ABOUT THIS TASK:
Below is a block of entries, which should be copied verbatim apart from the pictures.
:: RECORDS FOR PROCESSING ::
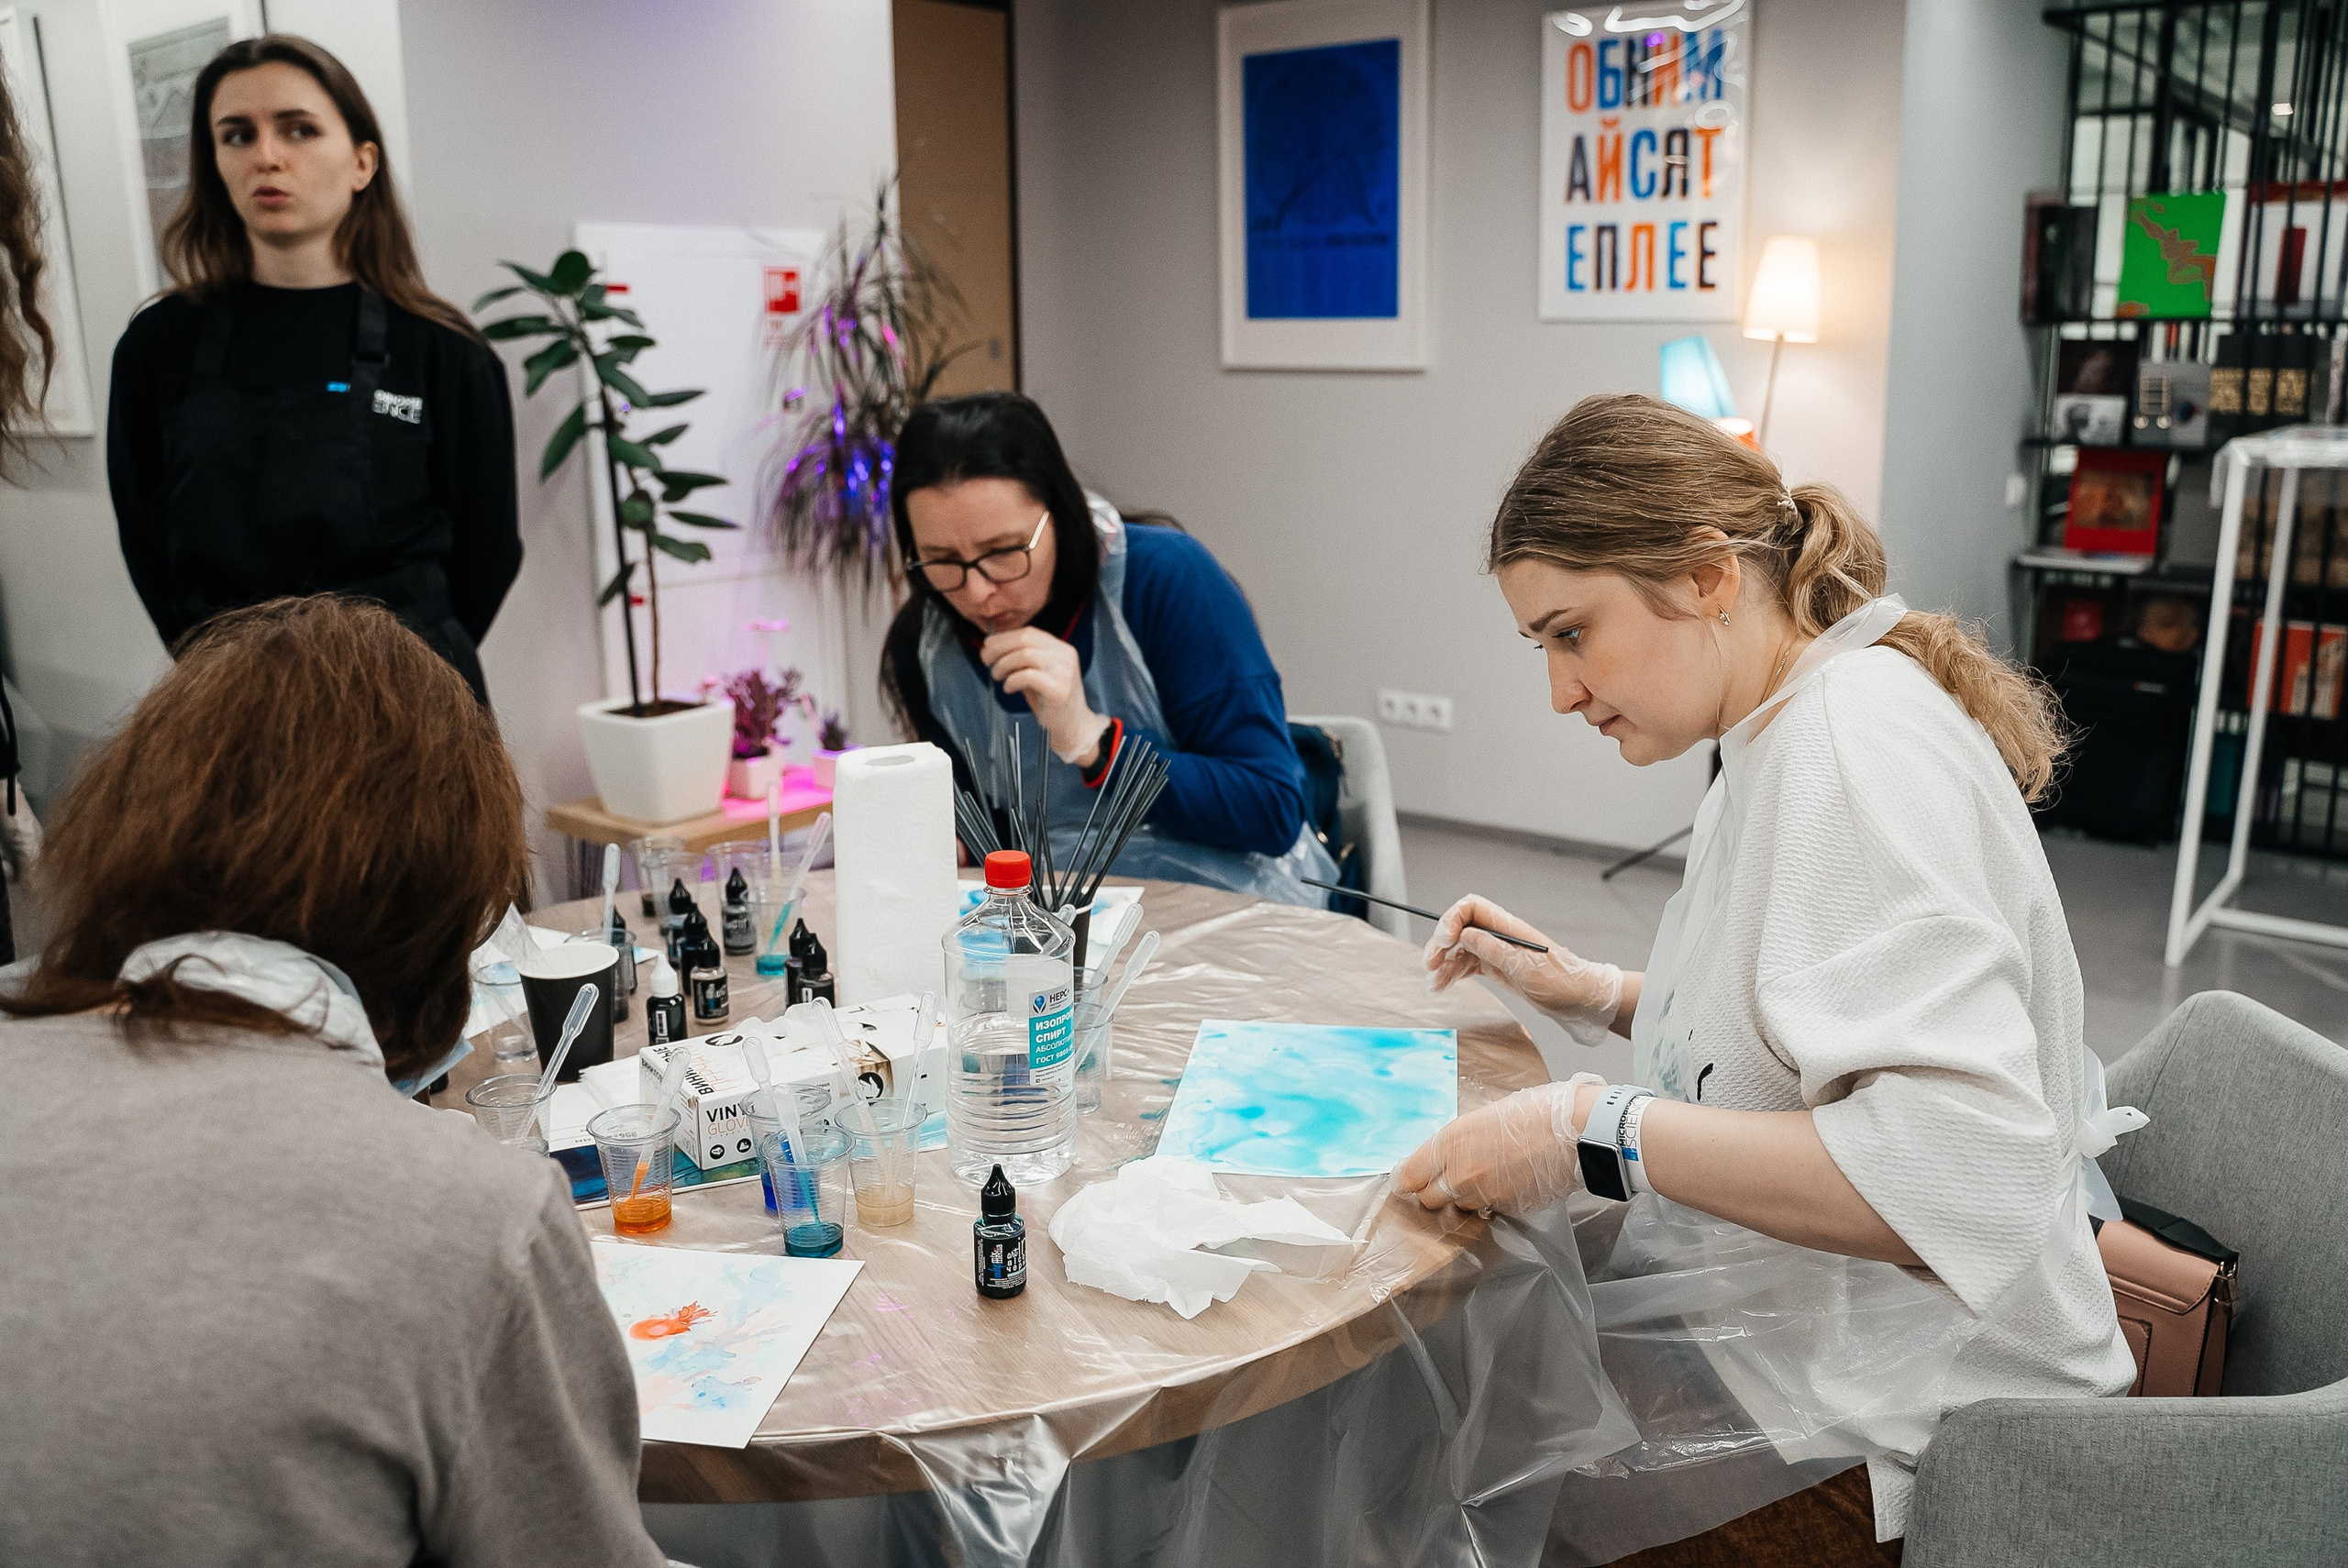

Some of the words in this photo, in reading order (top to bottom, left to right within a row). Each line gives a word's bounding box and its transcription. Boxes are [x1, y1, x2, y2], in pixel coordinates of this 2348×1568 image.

[1567, 28, 1725, 113] ОБНИМ
[1566, 116, 1723, 203] АЙСЯТ
[1566, 222, 1718, 293] ЕПЛЕЕ
[1036, 1026, 1067, 1043] СПИРТ
[1036, 1054, 1055, 1065] ГОСТ
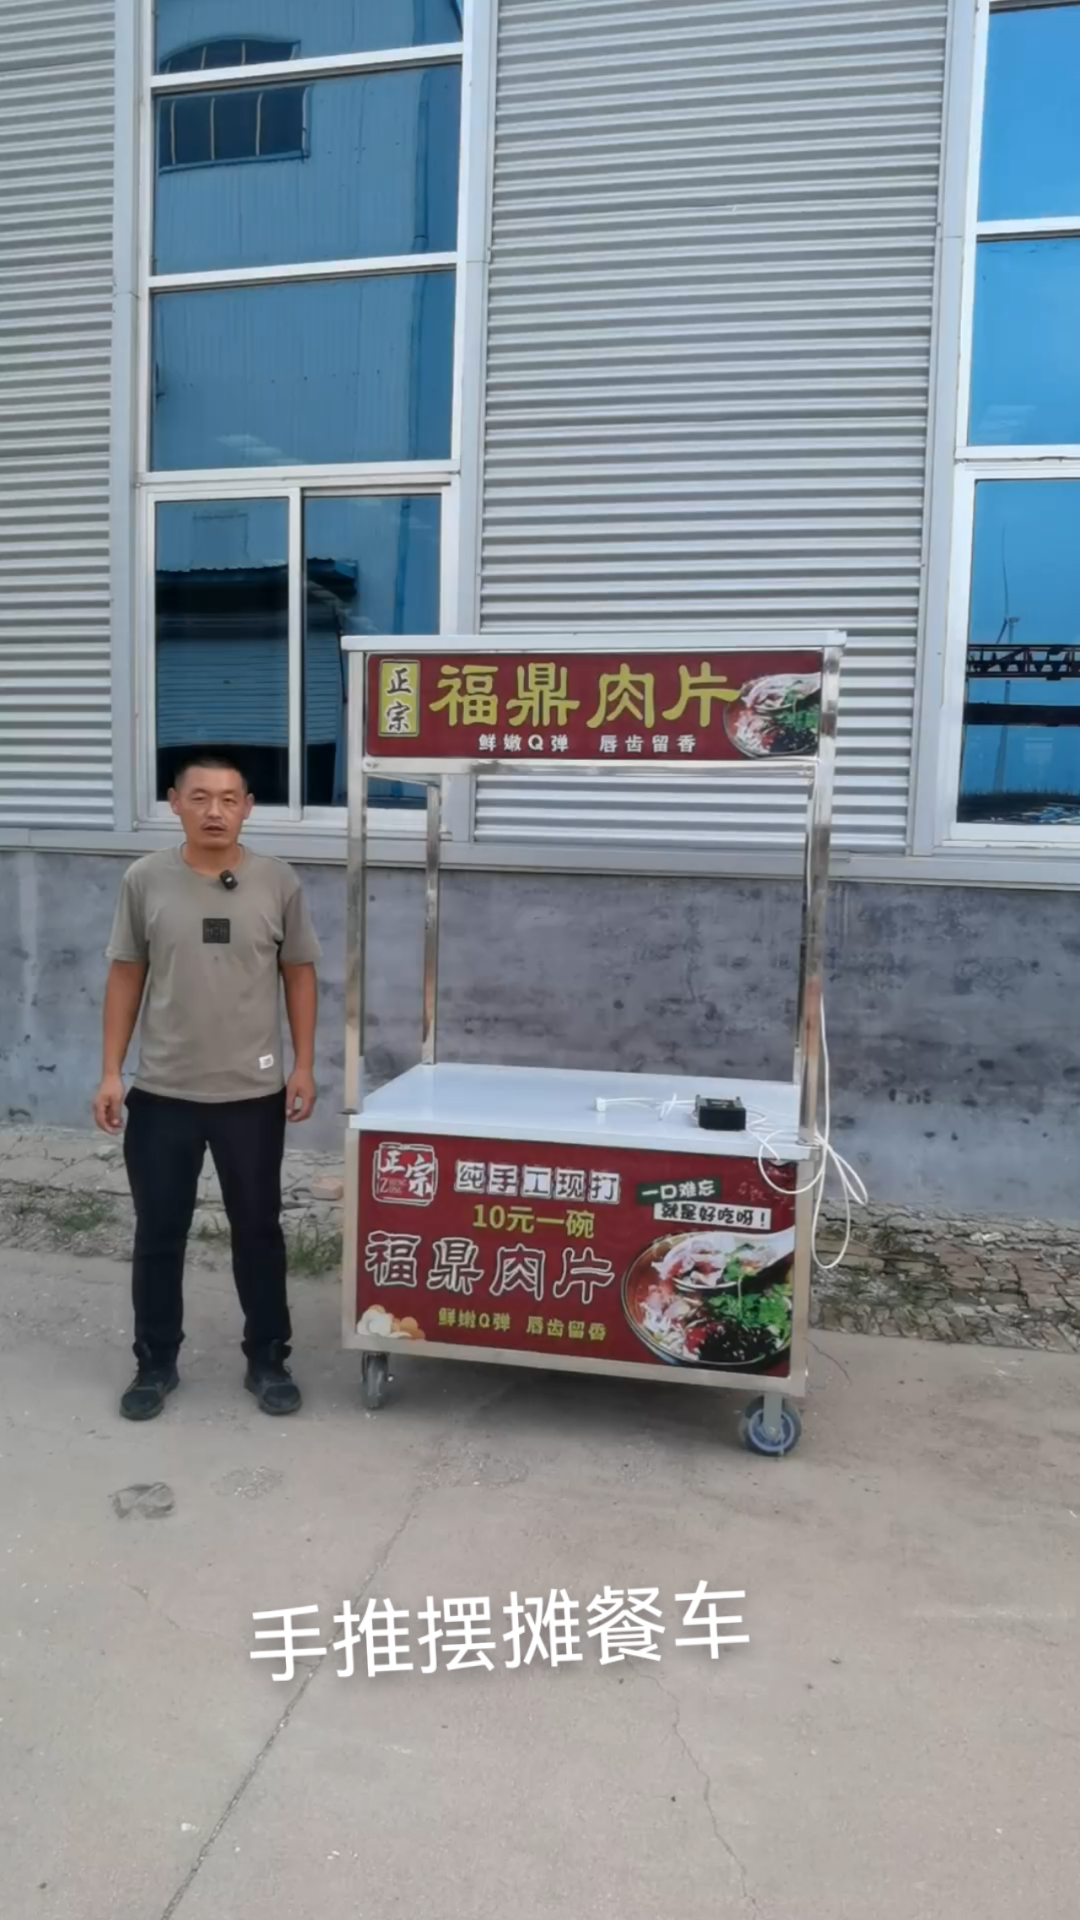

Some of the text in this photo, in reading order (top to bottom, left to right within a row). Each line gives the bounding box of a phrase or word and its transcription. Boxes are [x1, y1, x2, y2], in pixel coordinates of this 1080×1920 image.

[385, 666, 414, 734] 正宗
[429, 661, 741, 729] 福鼎肉片
[479, 734, 696, 753] 鲜嫩Q弹 唇齿留香
[379, 1149, 435, 1198] 正宗
[456, 1161, 619, 1202] 纯手工现打
[641, 1179, 716, 1201] 一口难忘
[473, 1203, 595, 1239] 10元一碗
[365, 1230, 615, 1304] 福鼎肉片
[438, 1307, 607, 1341] 鲜嫩Q弹 唇齿留香
:::
YOUR RESPONSE:
Some of the words in this photo, in reading order (top to bottom, left to right within a row). Each line gives a word's bounding box and its transcription. Boxes are [x1, y1, x2, y2], in pixel coordinates of this 2348×1568 image.

[1567, 28, 1725, 113] ОБНИМ
[1566, 116, 1723, 203] АЙСЯТ
[1566, 222, 1718, 293] ЕПЛЕЕ
[1036, 1026, 1067, 1043] СПИРТ
[1036, 1054, 1055, 1065] ГОСТ

Some of the text in this photo, in reading order (top to bottom, left to right within a row). Each line gives the bounding box of a phrase or word and its transcription. Boxes are [x1, y1, x2, y2], in pixel coordinates of this 1080×1920 image.

[385, 666, 414, 734] 正宗
[429, 661, 741, 729] 福鼎肉片
[479, 734, 696, 753] 鲜嫩Q弹 唇齿留香
[379, 1149, 435, 1198] 正宗
[456, 1161, 619, 1202] 纯手工现打
[641, 1179, 716, 1201] 一口难忘
[473, 1203, 595, 1239] 10元一碗
[365, 1230, 615, 1304] 福鼎肉片
[438, 1307, 607, 1341] 鲜嫩Q弹 唇齿留香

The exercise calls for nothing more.